• EXERCISE DESCRIPTION: With all images omitted, write out the records word for word.

Records from a collection
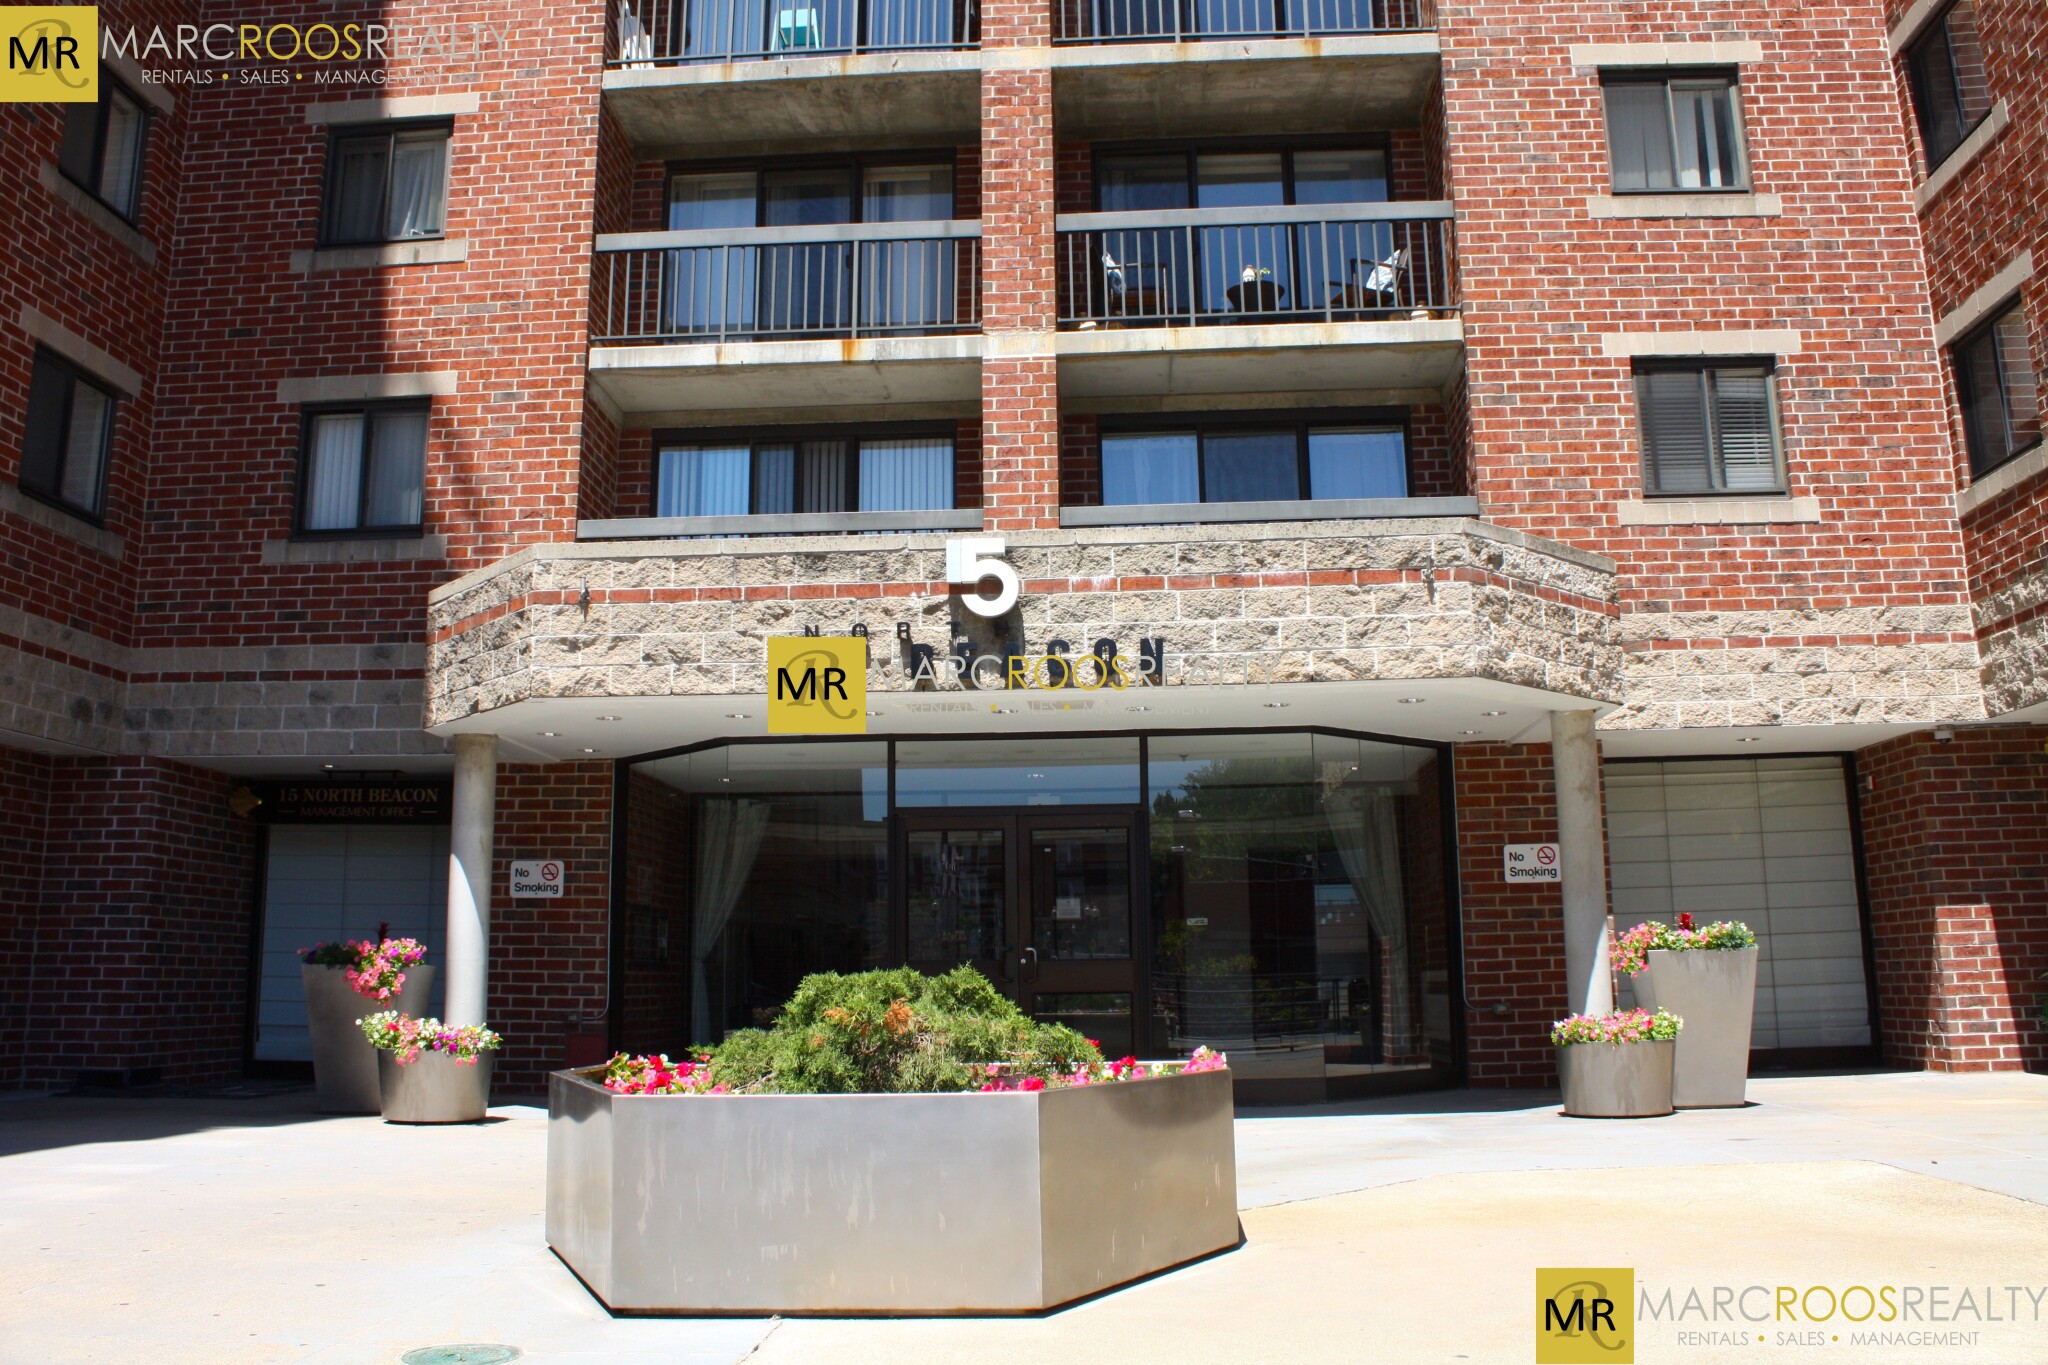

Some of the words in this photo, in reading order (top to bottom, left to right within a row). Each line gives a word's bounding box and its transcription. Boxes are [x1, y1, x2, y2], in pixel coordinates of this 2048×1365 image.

[279, 788, 298, 802] 15
[303, 788, 363, 803] NORTH
[368, 788, 439, 803] BEACON
[301, 806, 377, 817] MANAGEMENT
[380, 806, 415, 817] OFFICE
[1509, 852, 1525, 862] No
[515, 868, 530, 877] No
[1509, 867, 1557, 878] Smoking
[514, 882, 559, 895] Smoking
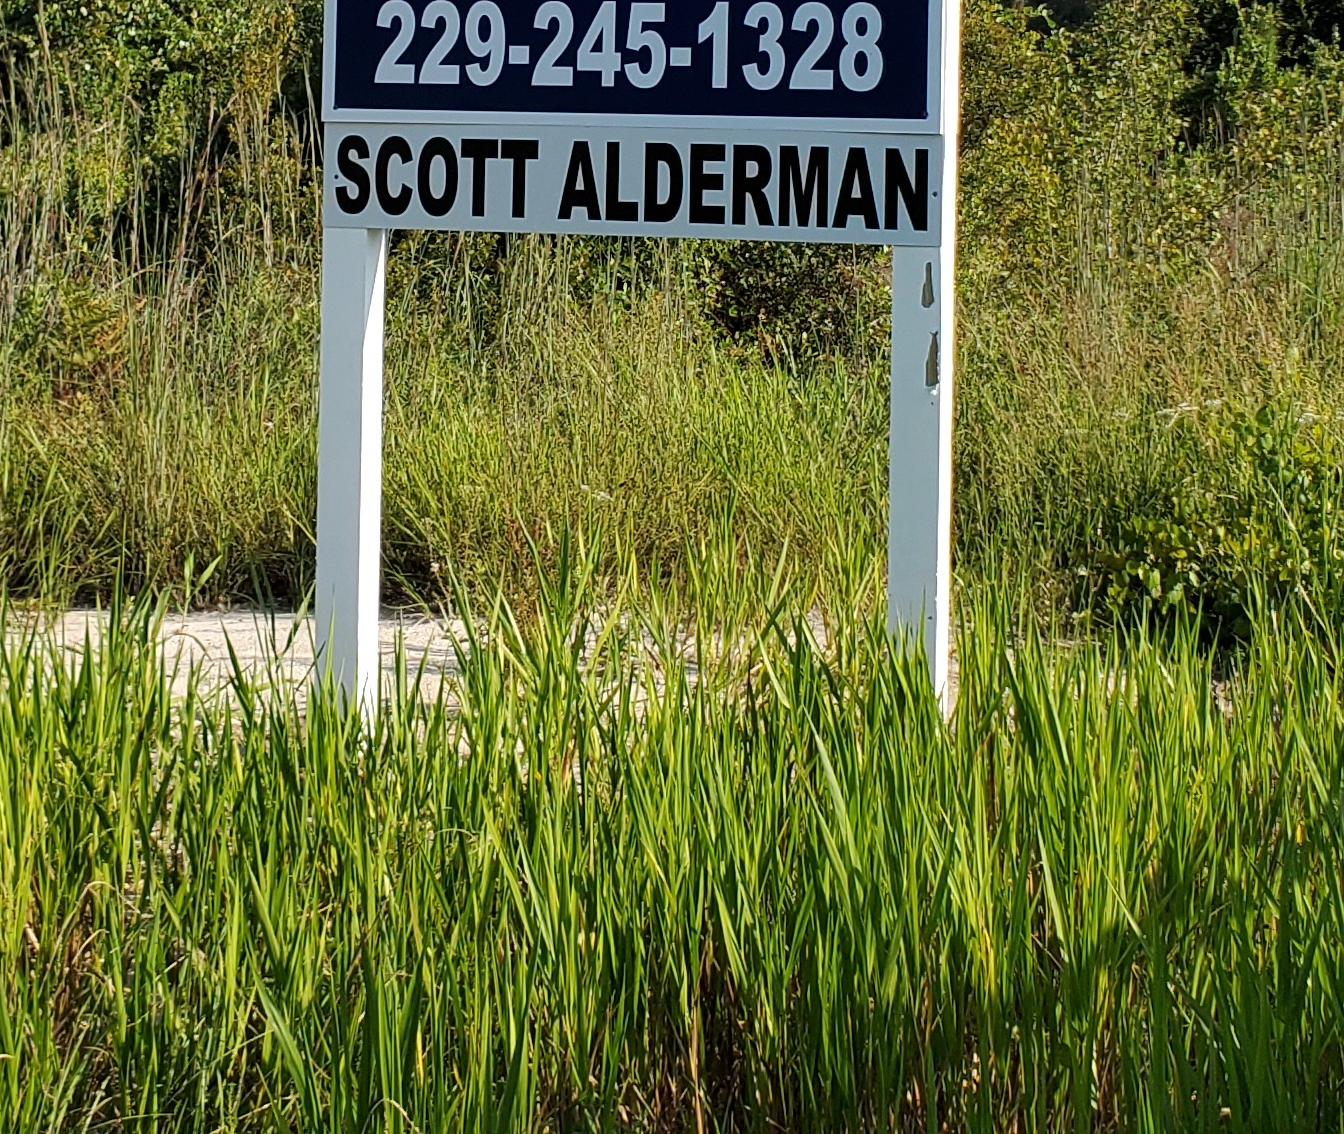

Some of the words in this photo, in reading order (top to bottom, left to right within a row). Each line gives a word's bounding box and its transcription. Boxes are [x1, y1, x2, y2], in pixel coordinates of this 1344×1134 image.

• EXERCISE SOLUTION:
Some of the words in this photo, in reading order (top to bottom, left to right within a row). Each line gives a word's bounding box and its transcription. Boxes are [x1, y1, x2, y2], in pixel coordinates of this 2048×1365 image.

[279, 788, 298, 802] 15
[303, 788, 363, 803] NORTH
[368, 788, 439, 803] BEACON
[301, 806, 377, 817] MANAGEMENT
[380, 806, 415, 817] OFFICE
[1509, 852, 1525, 862] No
[515, 868, 530, 877] No
[1509, 867, 1557, 878] Smoking
[514, 882, 559, 895] Smoking

Some of the words in this photo, in reading order (top to bottom, left to right within a row). Each line gives a word's bounding box and its transcription. Boxes are [x1, y1, x2, y2], in pixel coordinates of this 1344×1134 image.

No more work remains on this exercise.